To combat this, ski areas are taking a two-pronged approach in Washington DC and at home. The political fight to tackle climate change is progressing slowly, but National Ski Areas Association, Outdoor Industry Association and Snow Sports Industries America Work with lawmakers like Representative Ann McLane from New Hampshire Congress Ski and Snowboard Group Meeting — enabling them to enact meaningful climate policies. Protect Our Winters, a consortium of athletes, scientists, ski area managers and outdoor business leaders, is asking a price for carbon, more renewable energy and cleaner transportation systems. Mr Schendler, of Aspen, who is also the group’s chairman, said the organization is trying to mobilize “outdoor weather” to “create a giant, powerful climate movement” to do so.

“The outdoor industry is bigger, richer, crazier and more influential than the NRA,” he said. “We need CEOs, trade groups, and leadership to wield this power ruthlessly. Pretend you’re the NRA and the climate has gun rights. What would you do?”

Much of what has been done in the past two decades as ski resorts seek to green their activities has taken place at the local level – a strategy that Mr. Schendler has called “basically a public relations movement”.

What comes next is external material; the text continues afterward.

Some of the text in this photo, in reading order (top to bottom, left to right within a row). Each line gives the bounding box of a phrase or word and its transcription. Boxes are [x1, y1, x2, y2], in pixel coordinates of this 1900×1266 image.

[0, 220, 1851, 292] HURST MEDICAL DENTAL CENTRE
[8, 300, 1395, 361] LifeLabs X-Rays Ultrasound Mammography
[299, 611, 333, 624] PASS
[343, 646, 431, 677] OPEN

But since 2000, the National Ski Areas Association has created guidance and initiatives to help ski areas become more sustainable and more advocacy work. Working with the NSAA, American ski regions have reduced their emissions by more than 110,000 metric tons over the past decade, with twice that amount purchasing renewable energy credits, said Adrienne Saia Isaac, the organization’s director of marketing and communications. Together, this is roughly equivalent to not burning 352 million pounds of coal.

It’s also very little compared to the 400 to 1,600 billion metric tons of greenhouse gases. Oxford Net ZeroA research group at the University of Oxford in England says we need to move away from the atmosphere to avoid the worst of climate change, but it helps. Running a resort almost entirely on solar power, as Park City and Deer Valley do; finding ways to build more environmentally friendly housing, as a partnership between Utah’s Powder Mountain and Weber State University; or composting leftover food More efficient like in New Mexico Taos Ski Valley doing – these moves may not move the needle much, but they still have value.